At Redwood Village I parked in the visitors’ lot and walked over to the double-winged building that housed the rec center, dining hall, administration offices, and clinic. Before I went to tell Cybil the news about Jocelyn Dunn and John Klinghurst, I wanted to check with Dr. Lengel on a couple of things: whether Dunn had teen on duty the night Archie Todd died, and whether a supply of the pink, 0.10 digitoxin pills was kept on hand at the clinic. The more information I had when I talked to Evan Patterson and then to the local authorities, the more likely it would lead to an immediate official investigation.

But I didn’t get to talk to Lengel. Turned out this was one of his days off. And the physician on duty was out visiting a patient. The desk nurse was not Jocelyn Dunn, fortunately, though I learned Dunn was on the premises today.
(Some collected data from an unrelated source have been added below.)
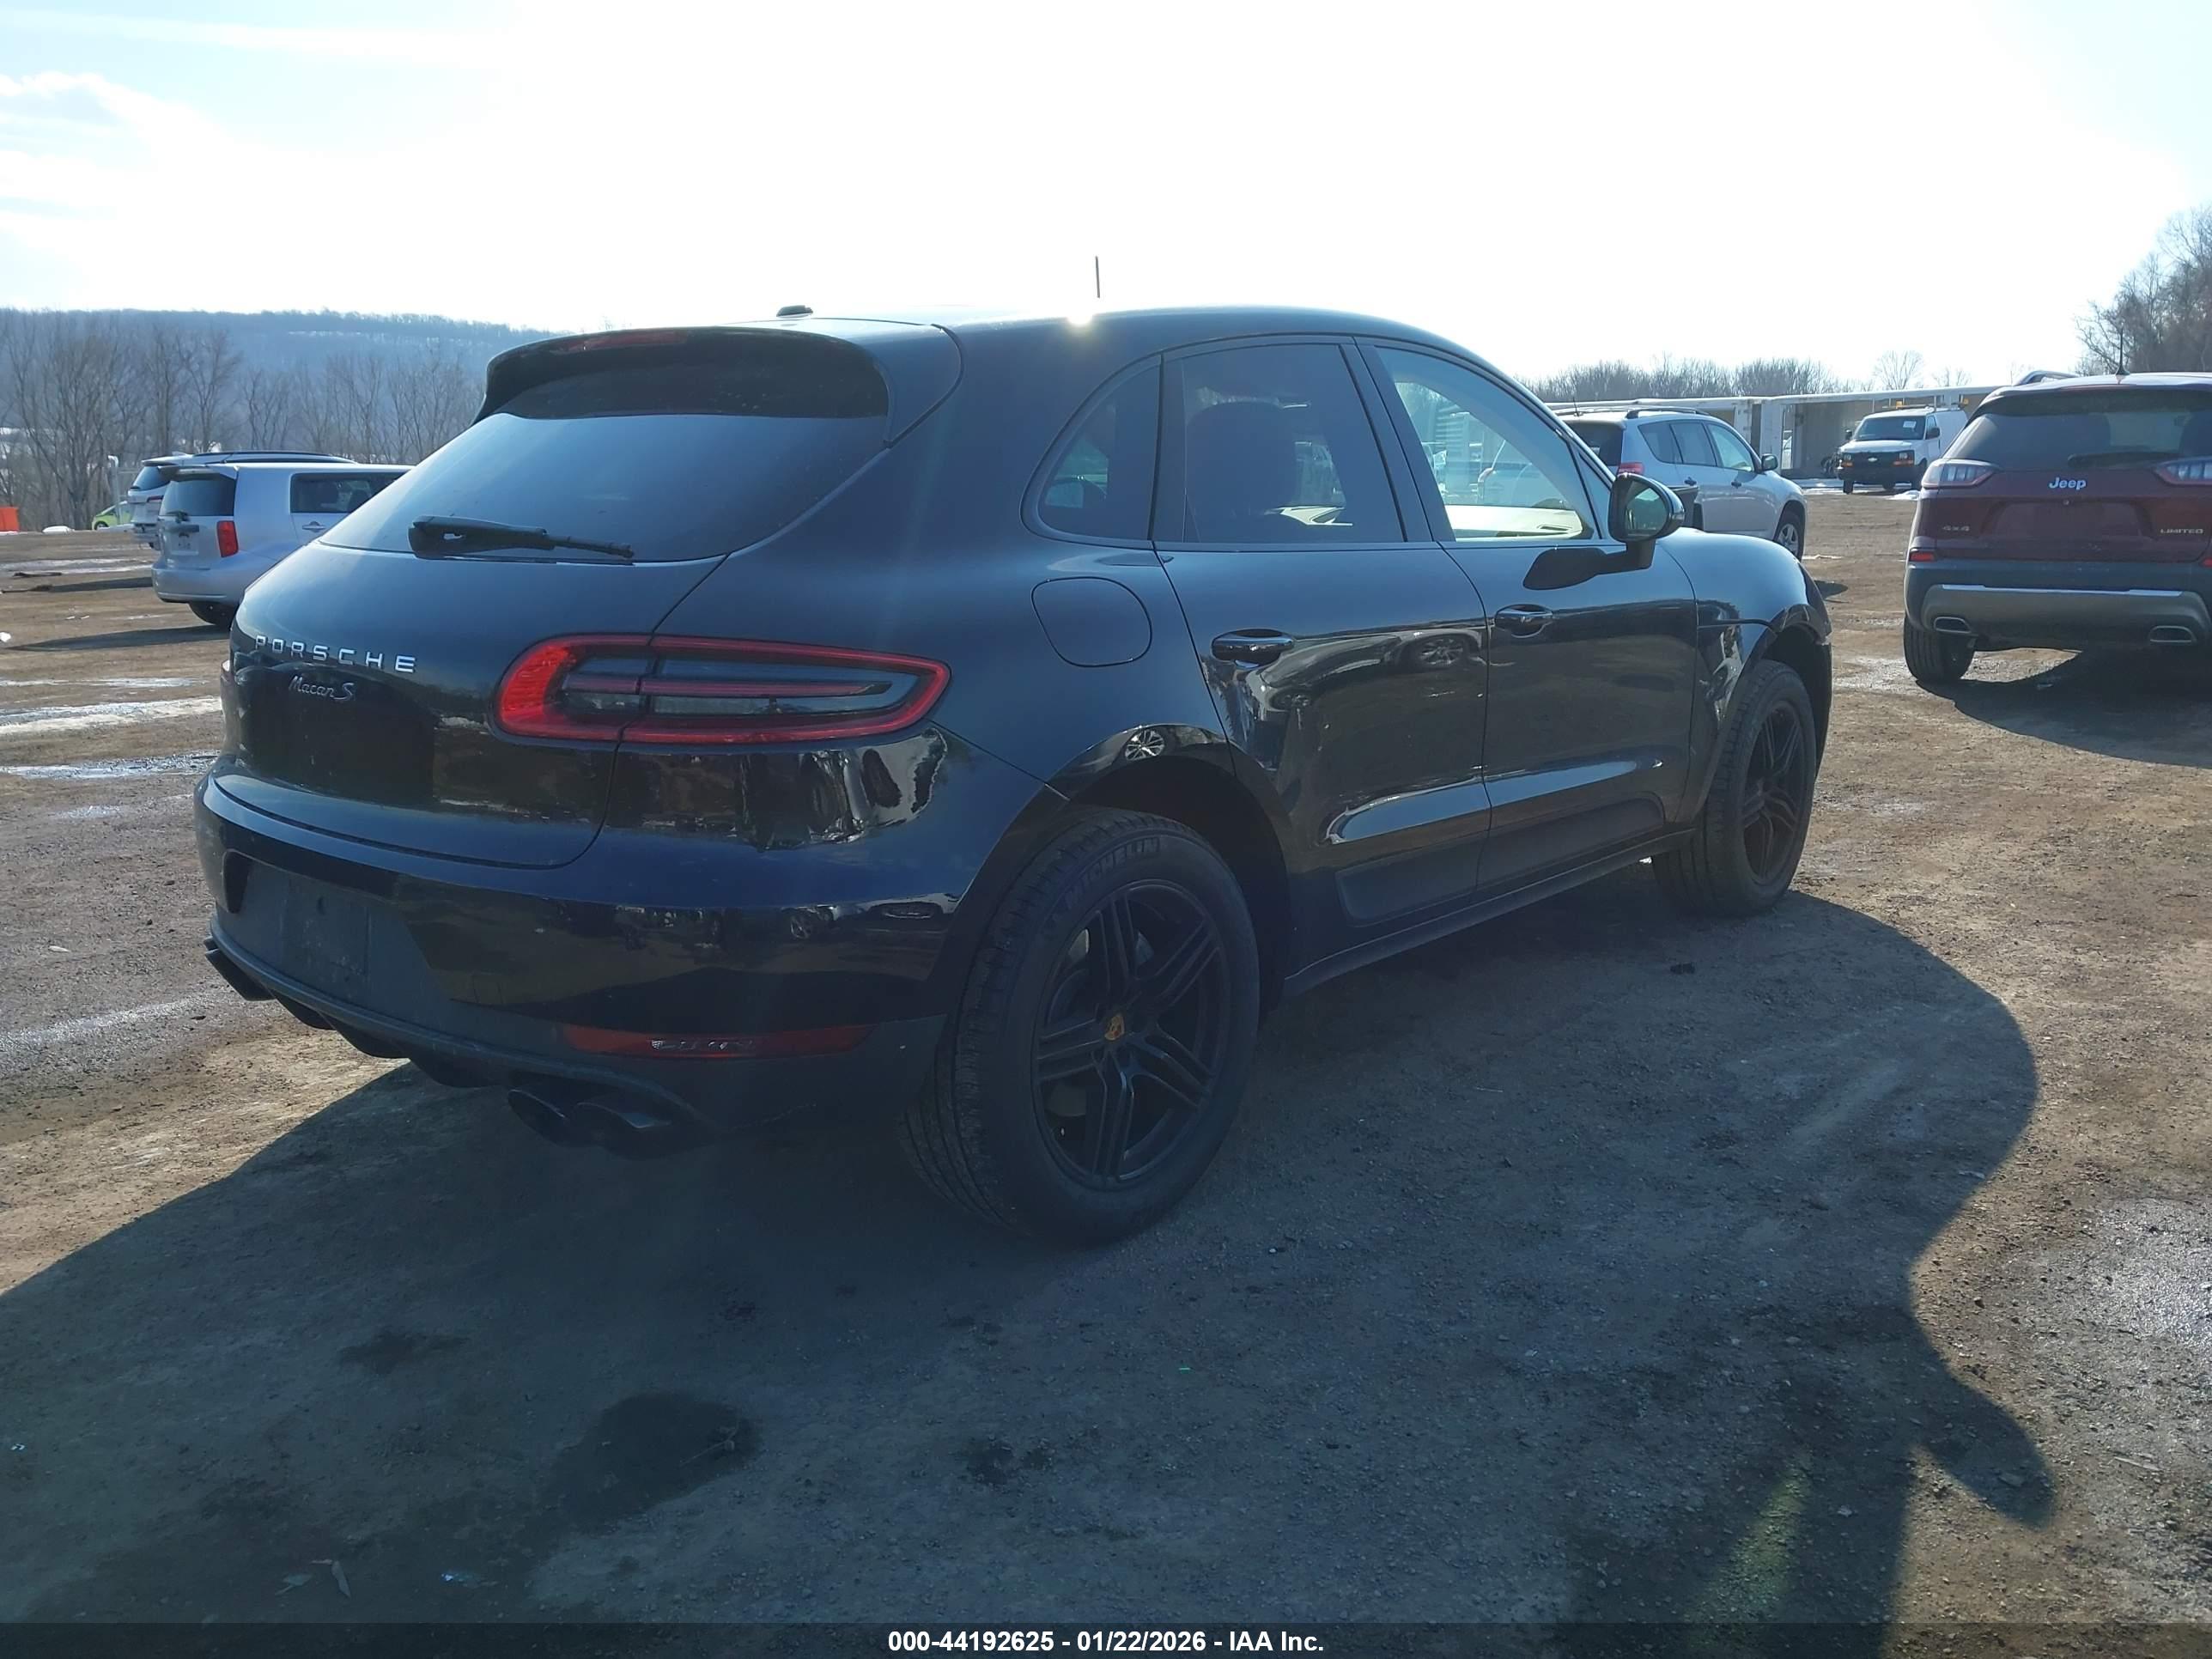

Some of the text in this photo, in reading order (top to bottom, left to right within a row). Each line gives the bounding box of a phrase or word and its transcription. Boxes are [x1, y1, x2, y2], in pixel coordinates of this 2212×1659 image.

[2049, 477, 2087, 490] Jeep
[255, 635, 416, 673] PORSCHE
[289, 675, 354, 699] Macan S
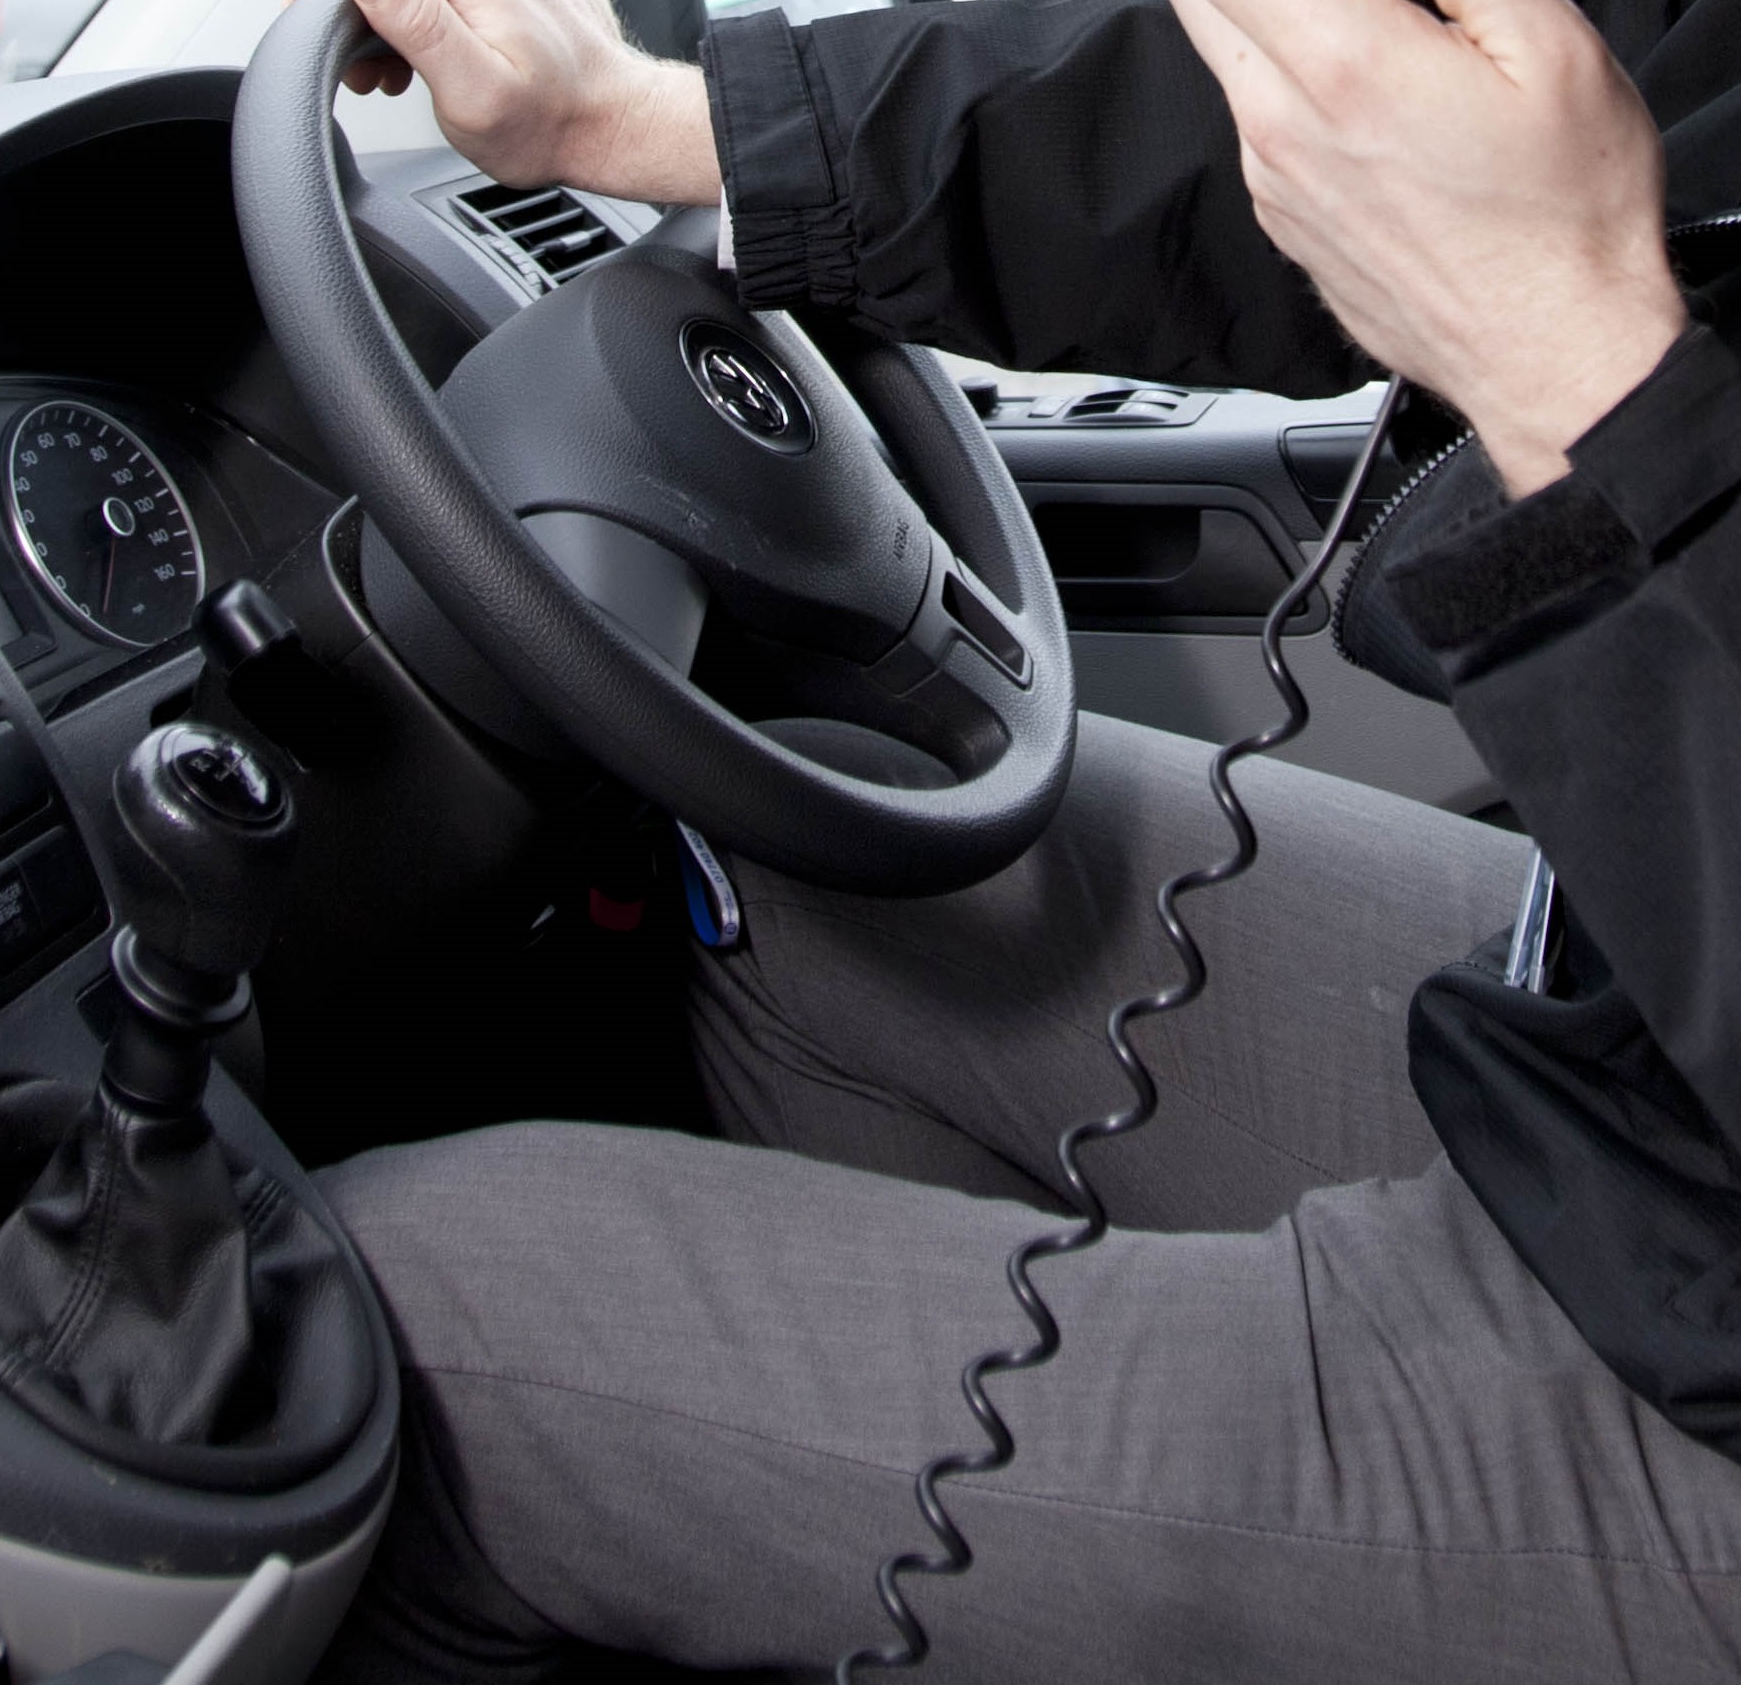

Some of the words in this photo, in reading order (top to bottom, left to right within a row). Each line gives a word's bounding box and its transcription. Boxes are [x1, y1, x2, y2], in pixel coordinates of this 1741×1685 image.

[37, 432, 55, 448] 60
[63, 432, 81, 449] 70
[20, 449, 38, 467] 50
[89, 445, 108, 462] 80
[111, 468, 134, 486] 100
[133, 496, 155, 514] 120
[147, 528, 170, 546] 140
[153, 563, 176, 581] 160
When I identified myself as a detective and the relative of a resident, the desk nurse consented to answer my question about the digitoxin. Affirmative. I didn’t ask the other question; there was not much chance she would check a past duty roster without permission. Let police investigators follow through on that one.

From the clinic I walked through the landscaped grounds to Cybil’s bungalow. The sun was out, but it was windy and cool; the only other people I saw were two elderly joggers in sweatsuits and a gardener making a lot of noise and fouling the air with a leaf-blower. Leaf blowers and back-up beepers are two of my pet peeves. Gross noise polluters, both, the intrusive kind that grate on your nerves after a while. If it were up to me, the inventors of both would be locked up in enclosed spaces with the things going nonstop until they either went deaf or admitted their sins and vowed to invent quieter replacements.

I walked faster, not that you can escape a racket like that on foot. And when I got to Cybil’s, I saw that the front door of her unit stood partway open. It gave me pause. The day was too chilly for open doors, and I happened to know that she had little tolerance for drafts or flies. I climbed the three steps, knocked and called out her name just as the leaf-blower went mercifully silent.